- **Task directions**: Return each record verbatim, images excluded.

- **Raw data**:

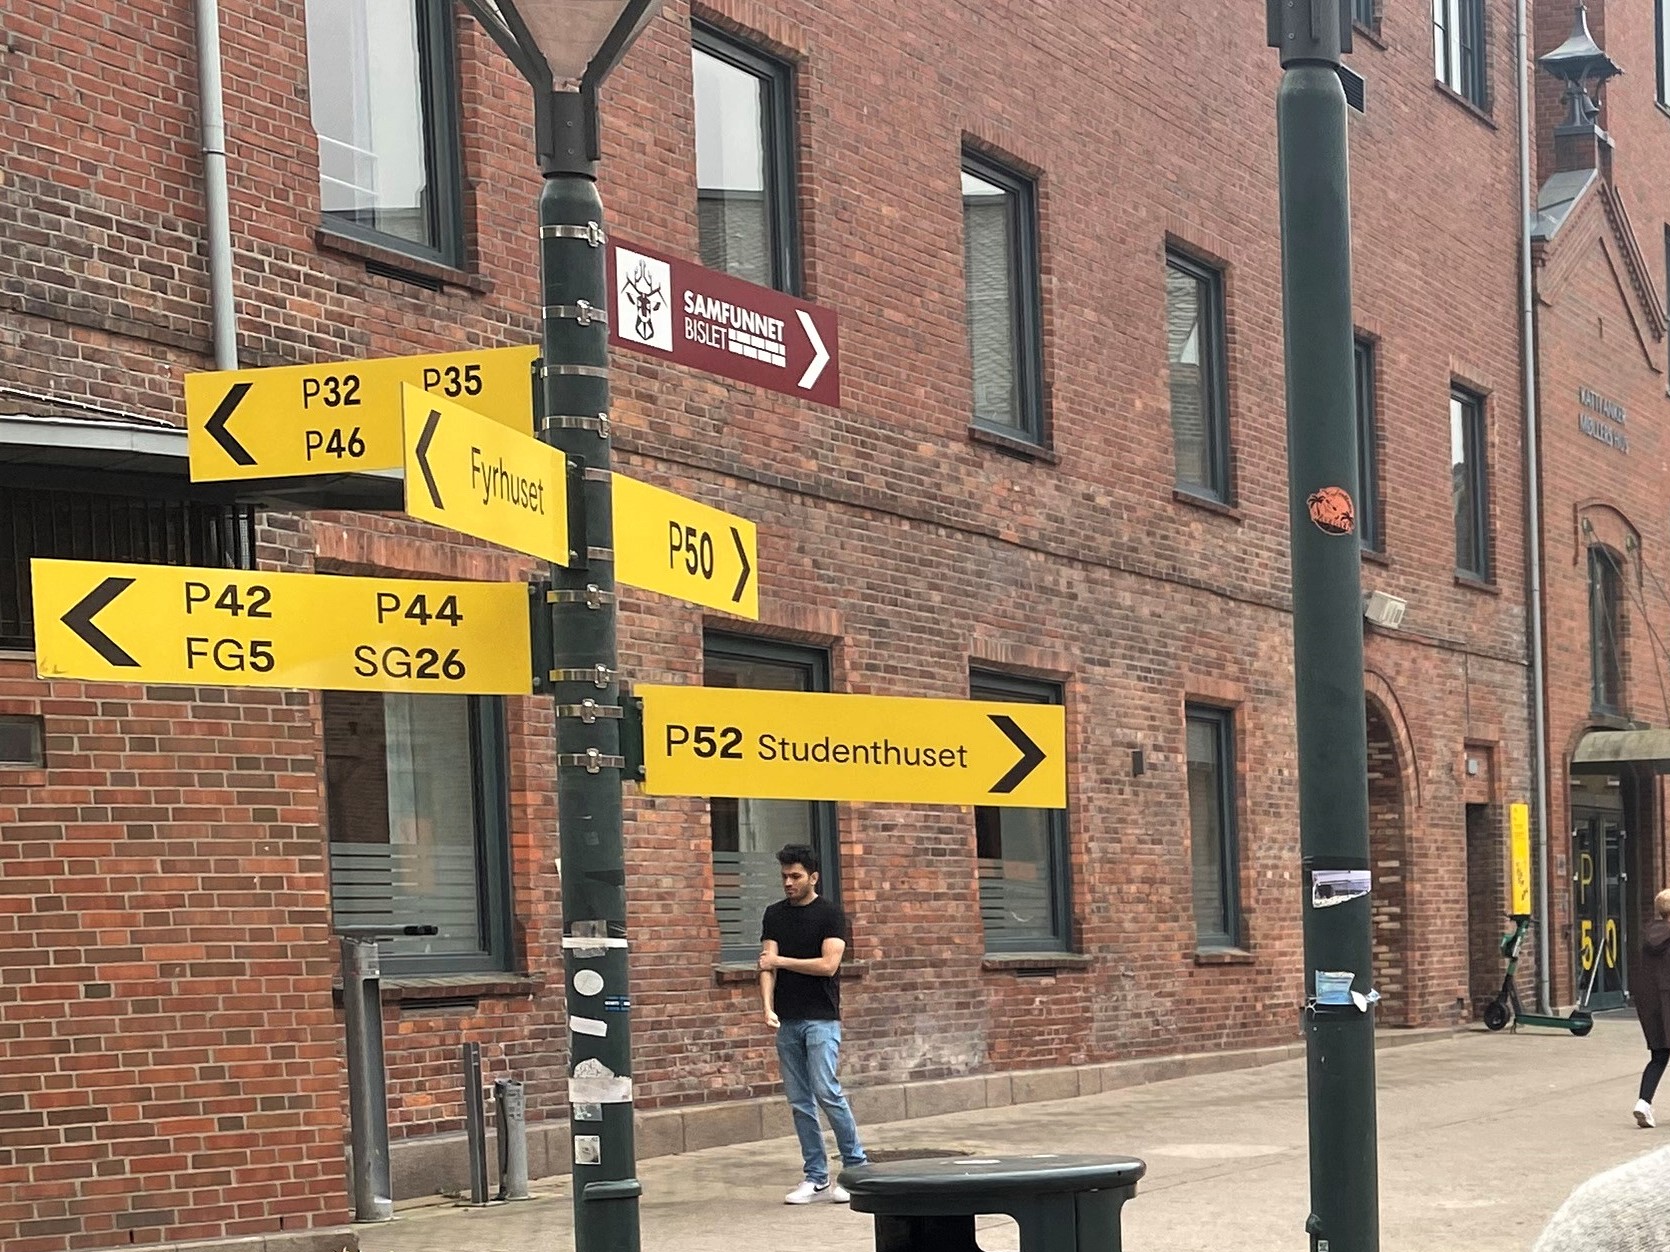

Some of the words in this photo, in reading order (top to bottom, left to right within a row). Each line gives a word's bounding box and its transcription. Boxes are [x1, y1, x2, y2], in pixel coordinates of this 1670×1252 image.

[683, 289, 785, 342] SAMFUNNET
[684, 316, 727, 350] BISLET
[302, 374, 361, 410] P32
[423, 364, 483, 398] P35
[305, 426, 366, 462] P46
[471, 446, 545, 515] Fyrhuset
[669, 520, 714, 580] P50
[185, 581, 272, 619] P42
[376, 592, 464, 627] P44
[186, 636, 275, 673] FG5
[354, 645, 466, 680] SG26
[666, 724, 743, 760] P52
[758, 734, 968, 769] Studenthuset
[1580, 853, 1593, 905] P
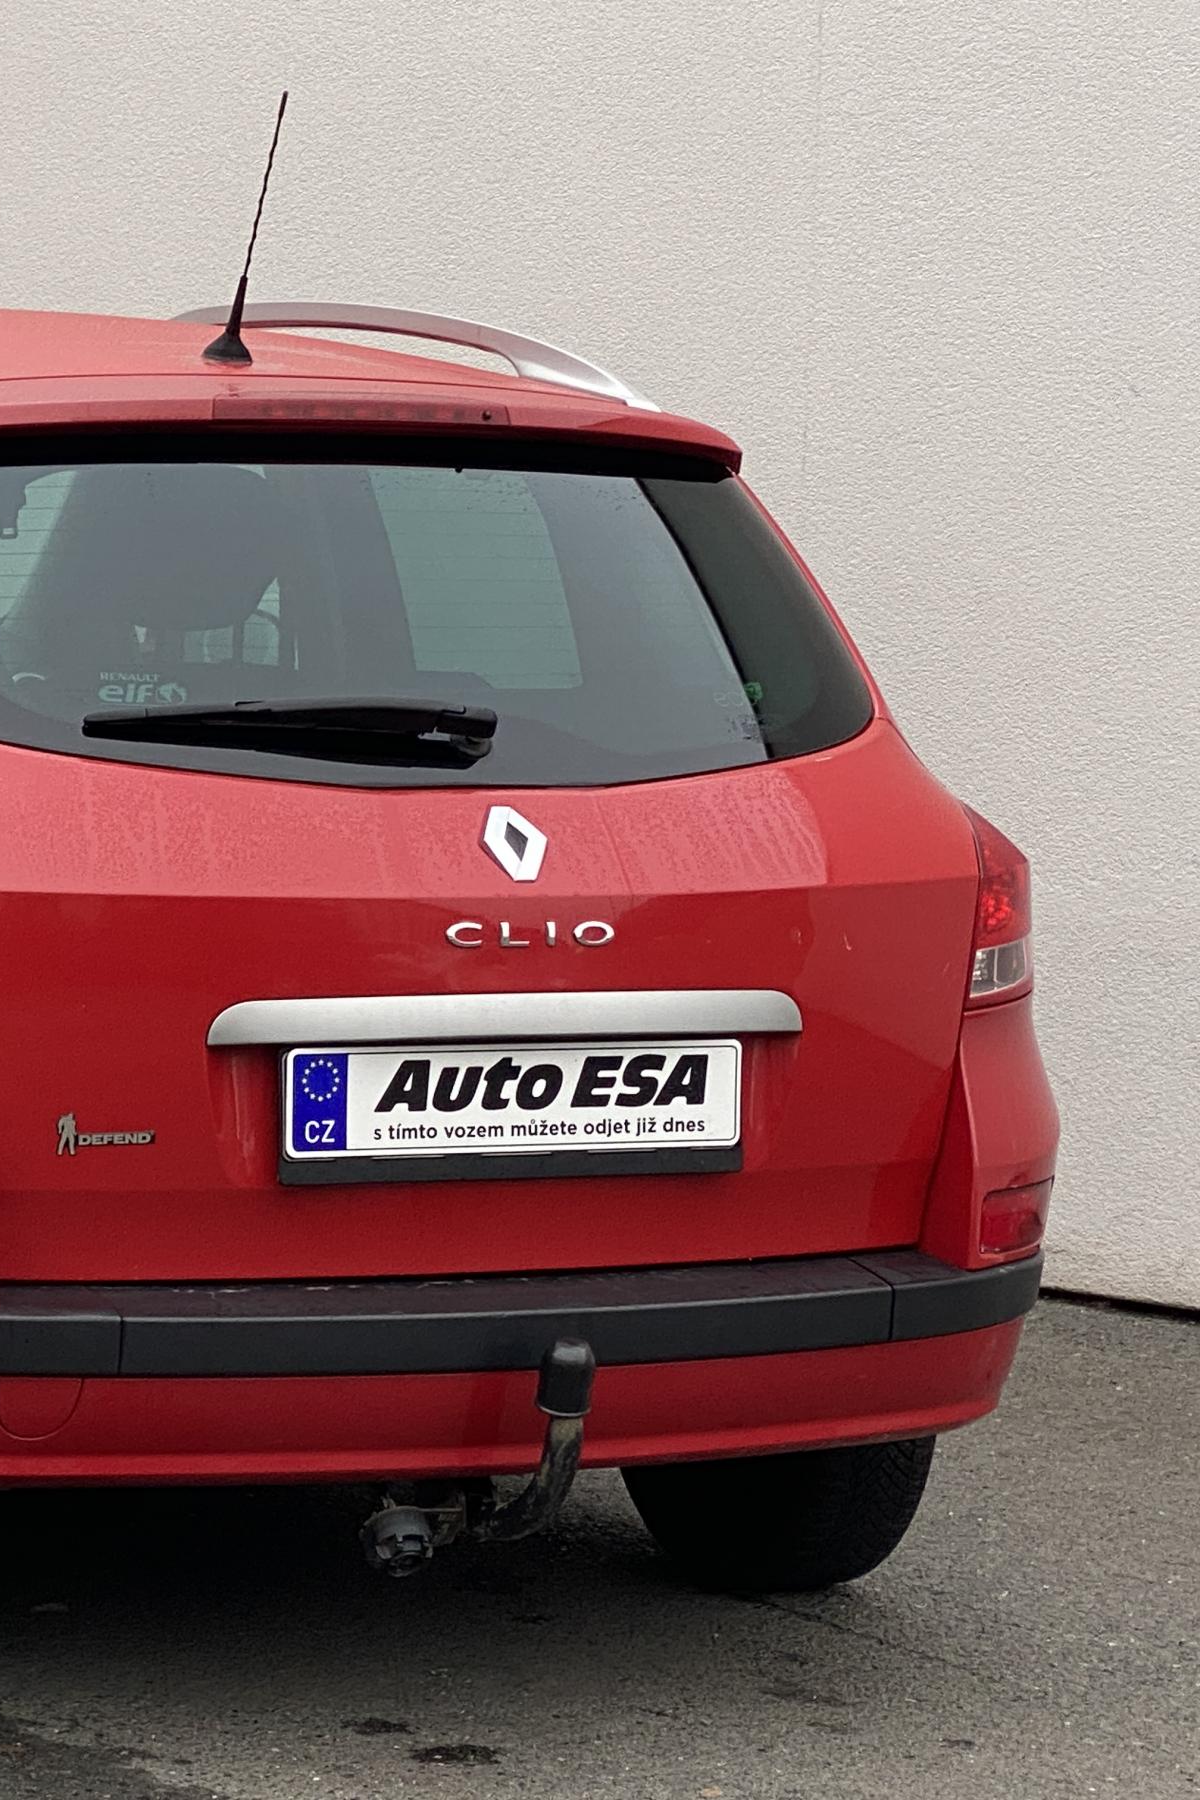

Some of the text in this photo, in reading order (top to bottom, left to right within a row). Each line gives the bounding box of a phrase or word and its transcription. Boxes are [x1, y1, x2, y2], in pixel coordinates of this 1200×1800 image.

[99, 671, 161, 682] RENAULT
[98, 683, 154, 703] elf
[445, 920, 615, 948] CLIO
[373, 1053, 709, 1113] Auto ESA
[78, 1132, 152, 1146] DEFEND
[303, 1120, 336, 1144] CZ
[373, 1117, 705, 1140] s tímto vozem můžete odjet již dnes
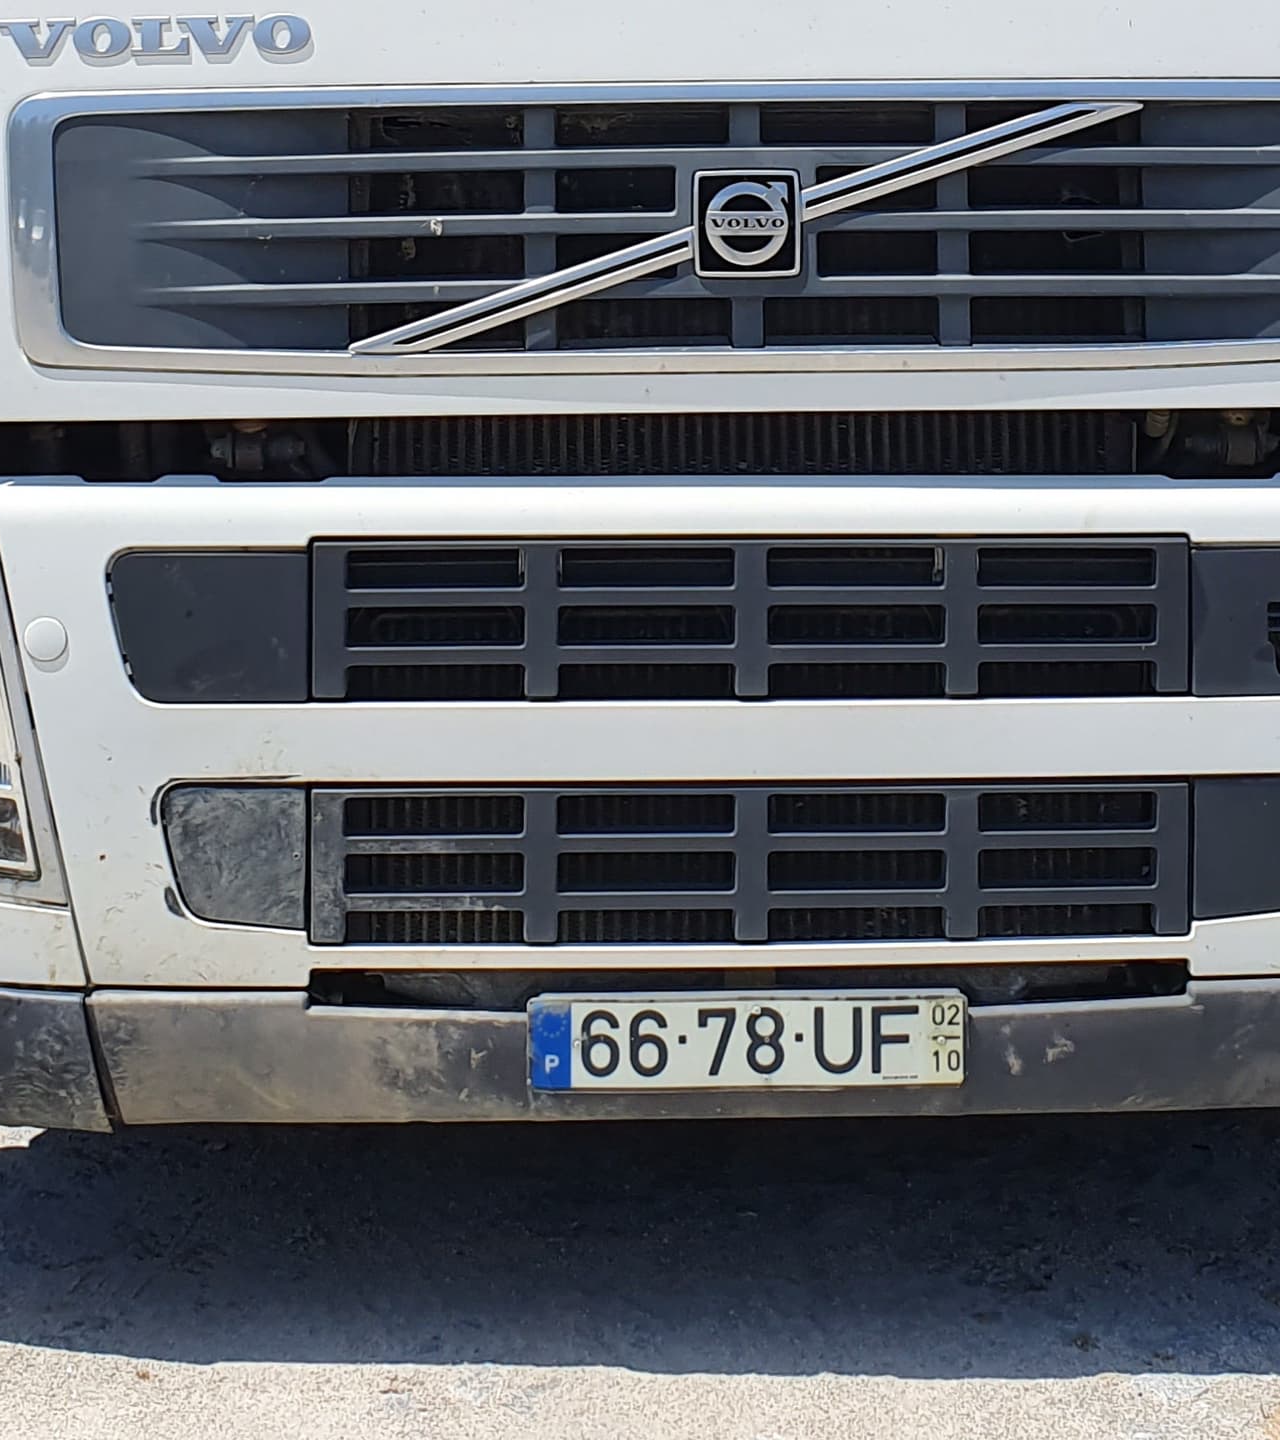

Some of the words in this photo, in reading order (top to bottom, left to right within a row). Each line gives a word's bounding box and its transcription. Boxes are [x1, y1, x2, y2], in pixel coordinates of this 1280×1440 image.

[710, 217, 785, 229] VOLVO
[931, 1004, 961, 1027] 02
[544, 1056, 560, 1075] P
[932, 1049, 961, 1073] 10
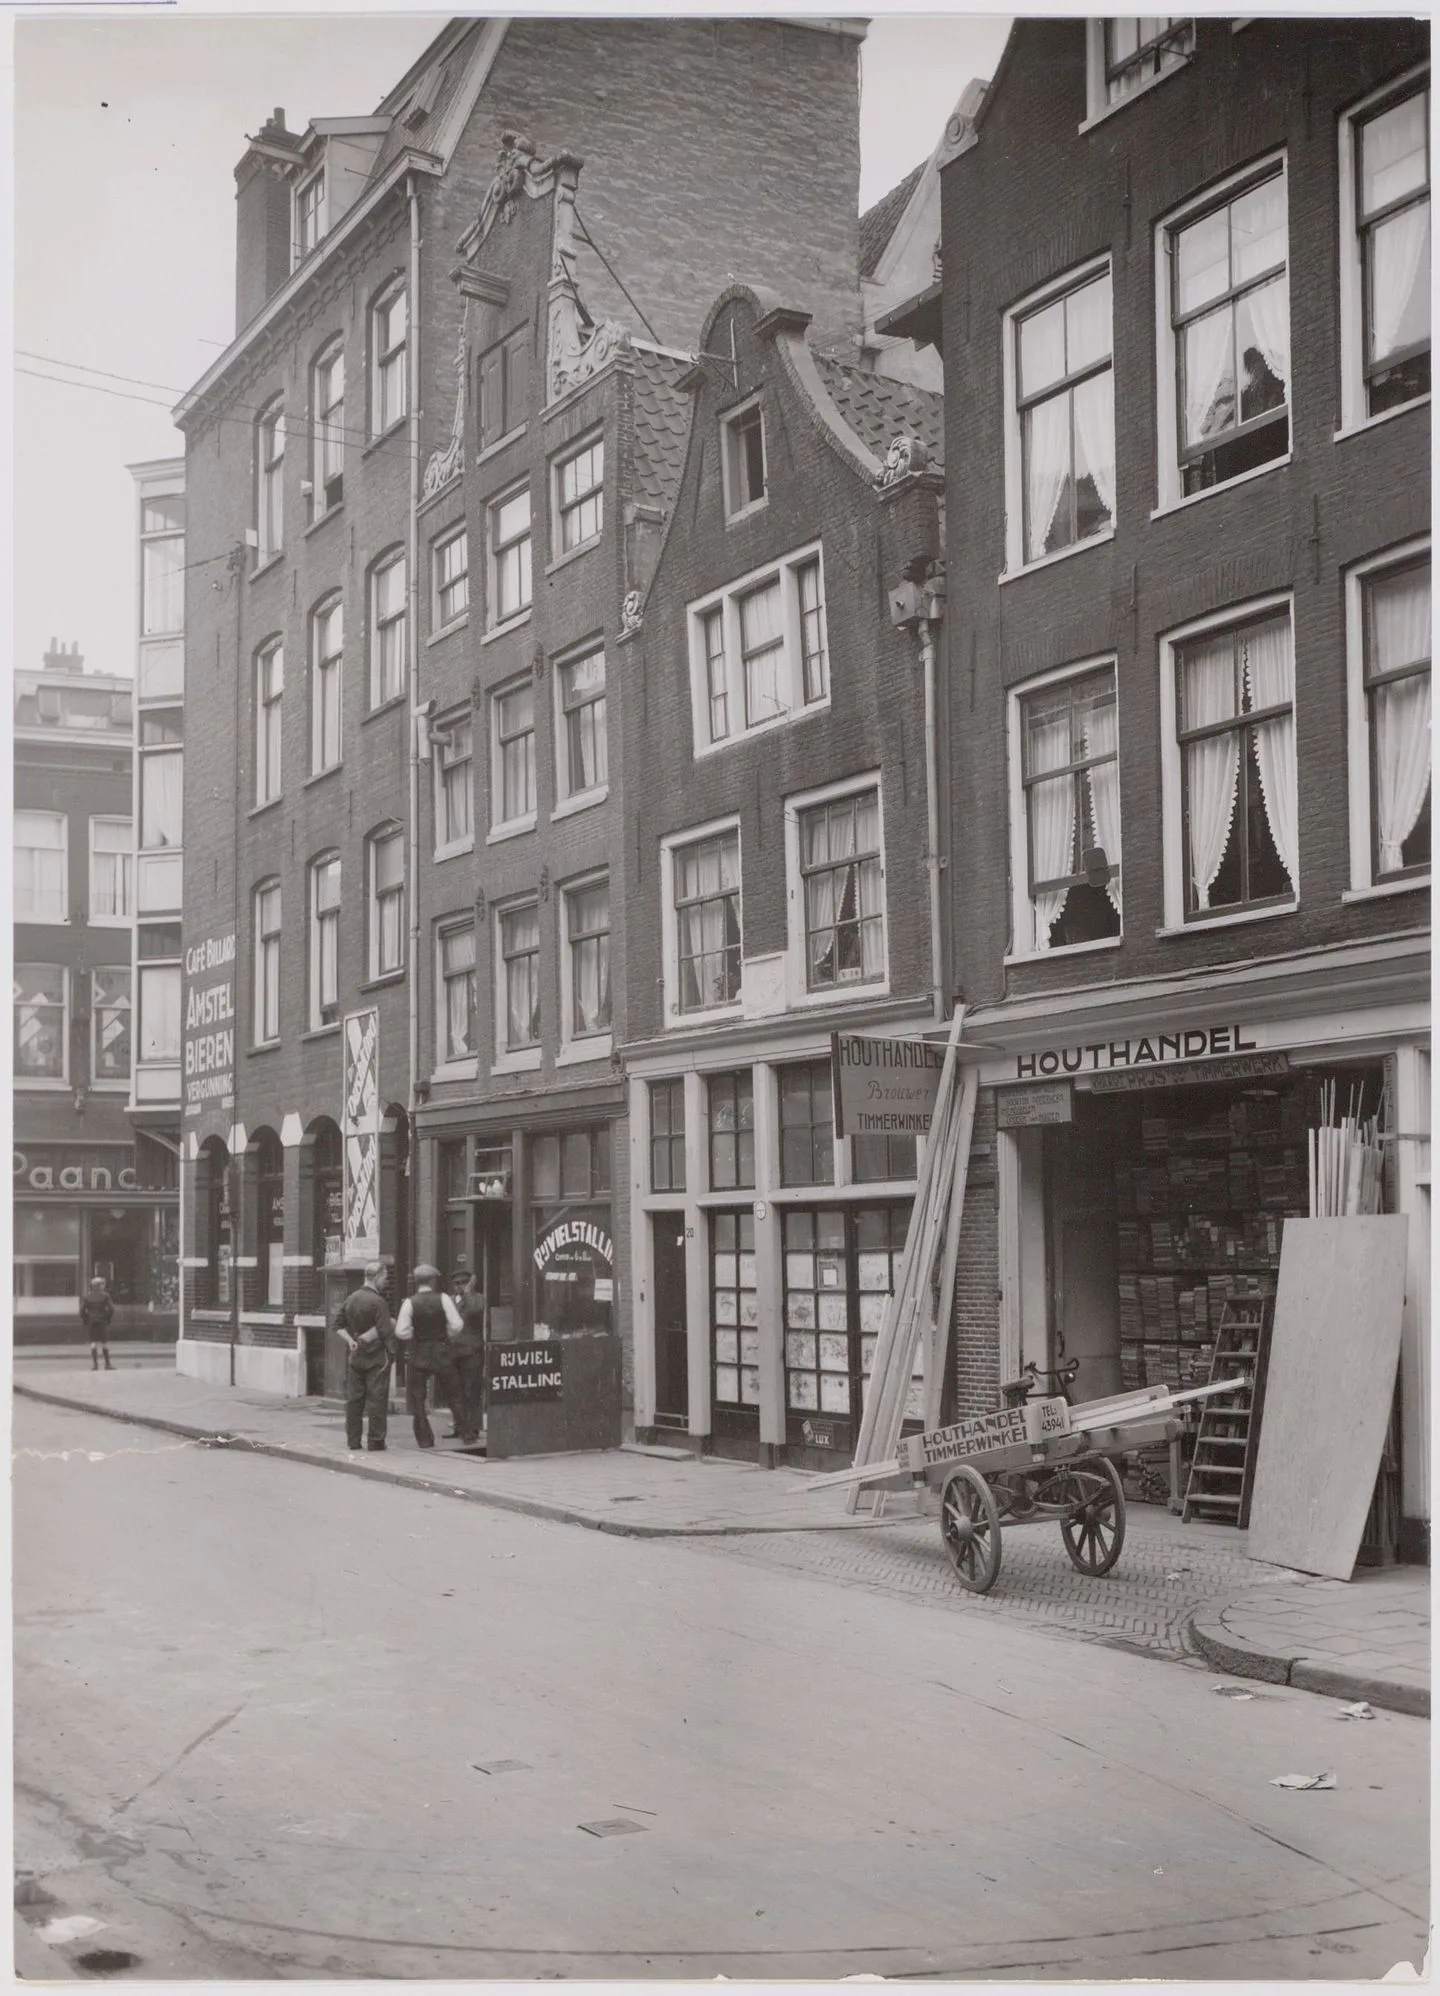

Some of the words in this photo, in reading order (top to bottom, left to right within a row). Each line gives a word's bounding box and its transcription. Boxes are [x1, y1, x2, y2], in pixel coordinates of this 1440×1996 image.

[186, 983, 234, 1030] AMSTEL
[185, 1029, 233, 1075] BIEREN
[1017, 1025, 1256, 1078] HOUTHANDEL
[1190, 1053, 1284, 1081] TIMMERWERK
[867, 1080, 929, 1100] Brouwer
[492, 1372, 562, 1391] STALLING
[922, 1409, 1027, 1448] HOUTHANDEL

- **Answer area**:
Some of the words in this photo, in reading order (top to bottom, left to right within a row). Each line gives a word's bounding box and its transcription. Boxes are [x1, y1, x2, y2], in pixel coordinates of this 1670×1252 image.

[683, 289, 785, 342] SAMFUNNET
[684, 316, 727, 350] BISLET
[302, 374, 361, 410] P32
[423, 364, 483, 398] P35
[305, 426, 366, 462] P46
[471, 446, 545, 515] Fyrhuset
[669, 520, 714, 580] P50
[185, 581, 272, 619] P42
[376, 592, 464, 627] P44
[186, 636, 275, 673] FG5
[354, 645, 466, 680] SG26
[666, 724, 743, 760] P52
[758, 734, 968, 769] Studenthuset
[1580, 853, 1593, 905] P

Some of the text in this photo, in reading order (top to bottom, left to right within a row). Each line gives the bounding box of a phrase or word and its transcription. Boxes are [x1, y1, x2, y2], in pixel coordinates of this 1200×1800 image.

[99, 671, 161, 682] RENAULT
[98, 683, 154, 703] elf
[445, 920, 615, 948] CLIO
[373, 1053, 709, 1113] Auto ESA
[78, 1132, 152, 1146] DEFEND
[303, 1120, 336, 1144] CZ
[373, 1117, 705, 1140] s tímto vozem můžete odjet již dnes

Some of the words in this photo, in reading order (top to bottom, left to right within a row). Each line gives a word's bounding box and its transcription. Boxes are [x1, y1, x2, y2], in pixel coordinates of this 1280×1440 image.

[710, 217, 785, 229] VOLVO
[931, 1004, 961, 1027] 02
[544, 1056, 560, 1075] P
[932, 1049, 961, 1073] 10

Some of the words in this photo, in reading order (top to bottom, left to right within a row). Each line gives a word's bounding box and its transcription. Boxes are [x1, y1, x2, y2], in pixel coordinates of this 1440×1996 image.

[186, 983, 234, 1030] AMSTEL
[185, 1029, 233, 1075] BIEREN
[1017, 1025, 1256, 1078] HOUTHANDEL
[1190, 1053, 1284, 1081] TIMMERWERK
[867, 1080, 929, 1100] Brouwer
[492, 1372, 562, 1391] STALLING
[922, 1409, 1027, 1448] HOUTHANDEL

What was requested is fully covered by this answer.